Aristides mordeu a isca. Animado com informação, falou que no outro dia, logo cedinho, levaria o dínamo pra Saturnino dar uma olhada. Dito e feito. No dia seguinte, por volta das sete horas da manhã, Aristides acostou-se ao muro da casa, bem próximo ao portão de entrada. Dessa forma ficou a esperar que Saturnino acordasse pra lhe atender.

Eis que aparece Saturnino. Aristides, com o propósito de ser agradável, falou: isso é hora para um grande mestre acordar? Saturnino ajeita os óculos, olha, reconhece Aristides e responde: pra atender a um velhaco safado igual a você, acho que acordei cedo de mais. Aristides ficou qual uma estátua viva, que só fazia ouvir, pois não tinha nada a falar.

Desapontado retorna a casa de Vicente Farias e fala: ô Vicente, quem foi que disse a você que Saturnino está esclerosado, esquecido? Ora, por conta daquela dívida, ele botou em mim como a vaca botou em mestre Alfredo: sem dó e piedade. Pra completar nem sequer me mandou entrar na sua casa. Esse era o Satrunino Santana, seja, genial, irreverente, sem papa na língua, principalmente, quando falava a verdade.

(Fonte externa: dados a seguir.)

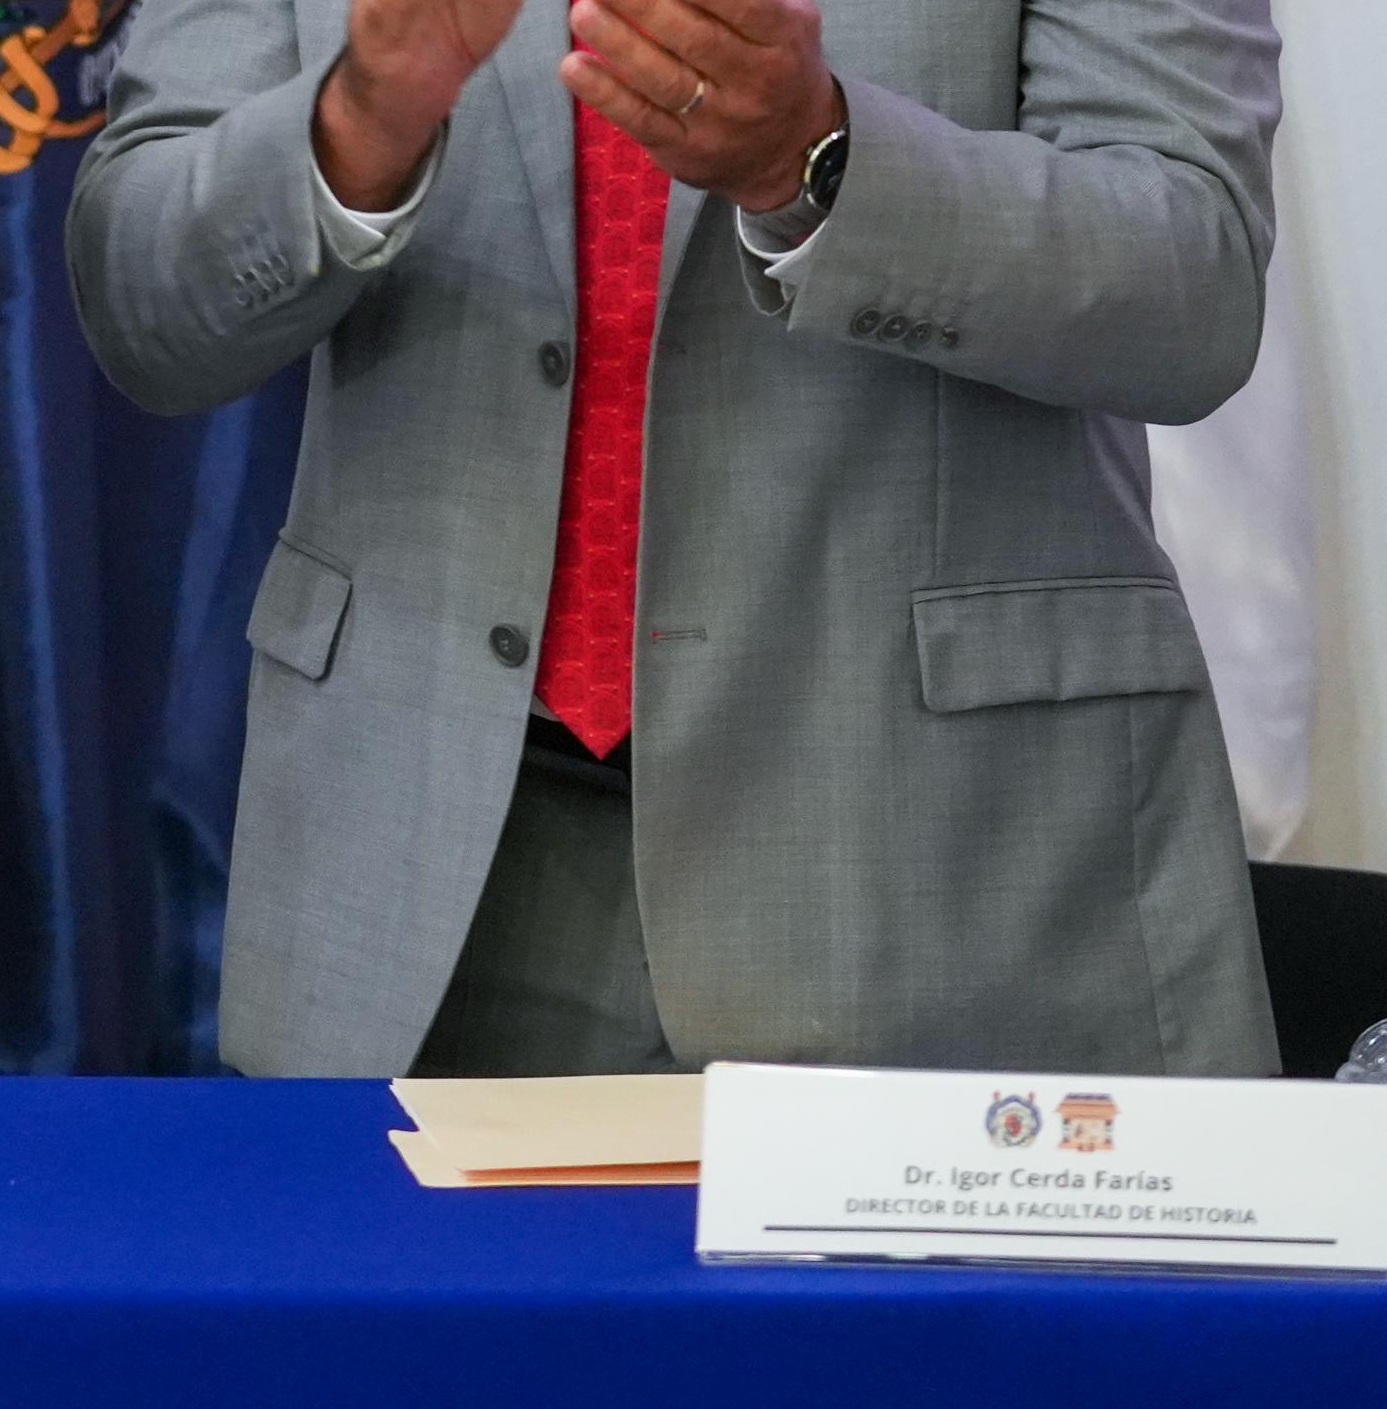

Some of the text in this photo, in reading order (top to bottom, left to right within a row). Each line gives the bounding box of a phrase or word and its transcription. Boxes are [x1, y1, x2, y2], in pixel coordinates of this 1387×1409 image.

[904, 1165, 1174, 1192] Dr. Igor Cerda Farías
[845, 1197, 1258, 1224] DIRECTOR DE LA FACULTAD DE HISTORIA

Eis outra estória contada por Vicente Farias. Não gostava de emprestar suas ferramentas de trabalho a quem quer que fosse. Certo dia um cigano foi à casa de Vicente Farias a fim de conseguir um lima emprestado pra terminar um serviço na sua tenda. Vicente disse ao ganjão que não tinha lima, mas, o vizinho lá da esquina, com certeza tinha.

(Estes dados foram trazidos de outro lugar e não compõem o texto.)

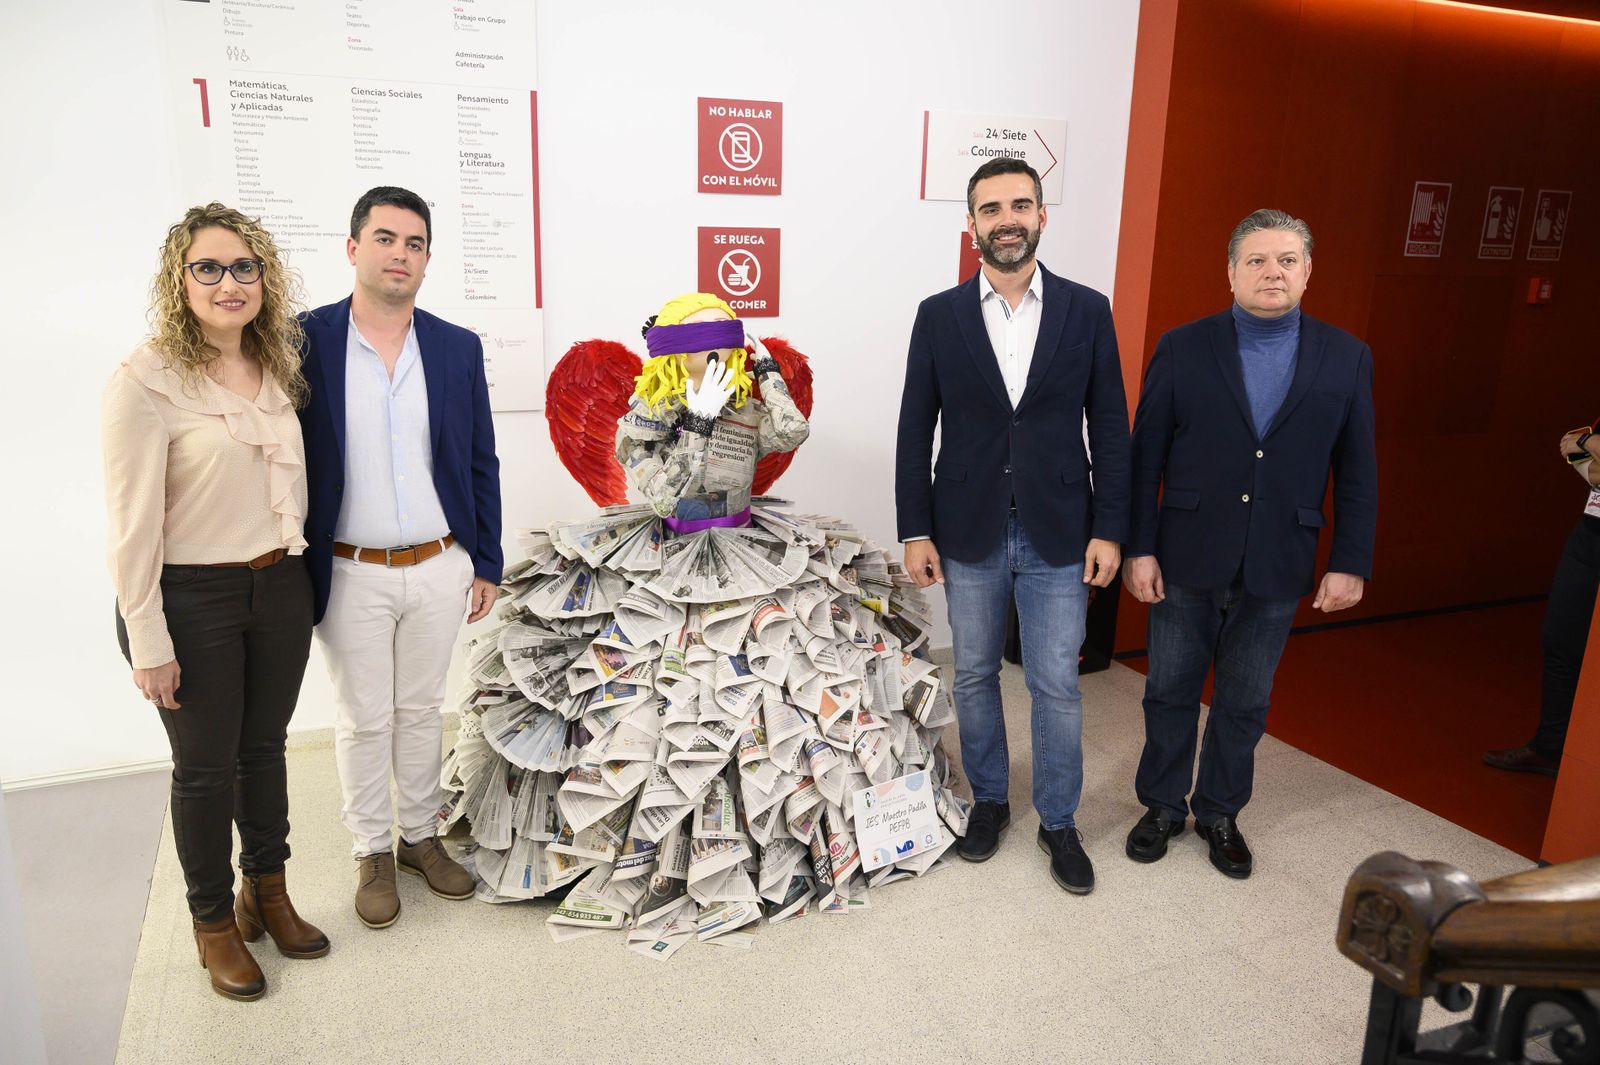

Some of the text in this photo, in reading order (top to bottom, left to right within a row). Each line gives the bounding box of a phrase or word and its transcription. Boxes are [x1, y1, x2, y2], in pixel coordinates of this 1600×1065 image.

Era Saturnino o vizinho o qual se referia Vicente. O cigano perguntou a Vicente: como posso chegar até lá? Acrescentou: ora se esse homem não me conhece, como é que pode emprestar-me uma lima? Vicente então falou: faça-se conhecido dele!

O cigano ardilosamente ficou a imaginar, como era que podia apresentar-se como conhecido da família de Saturnino. Completou: fale alguma coisa sobre a família dele. Vicente falou pra o cigano: ele teve um irmão que foi o melhor violonista de Pombal. O cigano perguntou: como era o nome desse violonista? Custódio Santana, respondeu Vicente. Deixe o resto comigo! Retrucou o cigano.

O cigano partiu em direção a casa de Saturnino. Ao chegar, bateu palmas e logo Saturnino apareceu pra ver quem era. Ao ver aquela figura estranha, perguntou: o que é que deseja moço? É o seguinte seu Saturnino: estou precisando de um lima pra terminar um serviço lá na minha tenda, portanto gostaria de saber se o senhor podia me emprestar. Prosseguiu: garanto ao senhor que hoje mesmo eu trago de volta.

Saturnino olhou pra o cigano com ar de reprovação, respondeu: não possuo esse tipo de ferramenta meu senhor. A partir desse momento o cigano pôs em prática a sua estratégia, segundo as informações repassadas por Vicente Farias. Entra em ação: o senhor não me é estranho! O que é que o senhor é de Custódio Santana?

Surpreendido com a pergunta do cigano, o mestre respondeu: ah, era meu irmão. Por sinal já morreu há muito tempo. O cigano devolveu: pelo amor de Deus, não me diga que o padrinho Custódio morreu!! Saturnino, mais uma vez ficou surpreso e perguntou: o senhor conheceu mesmo o meu irmão? Respondeu o Cigano: ora, até demais. Toda vez que a comitiva do meu pai passava aqui em Pombal, era uma verdadeira festa. Como então? Perguntou Saturnino, pasmo sem entender nada do que estava ouvindo.

É o seguinte seu Saturnino: o meu pai tocava violão tão bem quanto o meu padrinho. Assim quando os dois se encontravam, emendava os bigodes, não tinha pra ninguém. Os dois violões só faltavam falar. Entusiasmado com a conversa do cigano, Saturnino chama sua esposa Chiquinha e ordena: traga aquela a caixa de lima.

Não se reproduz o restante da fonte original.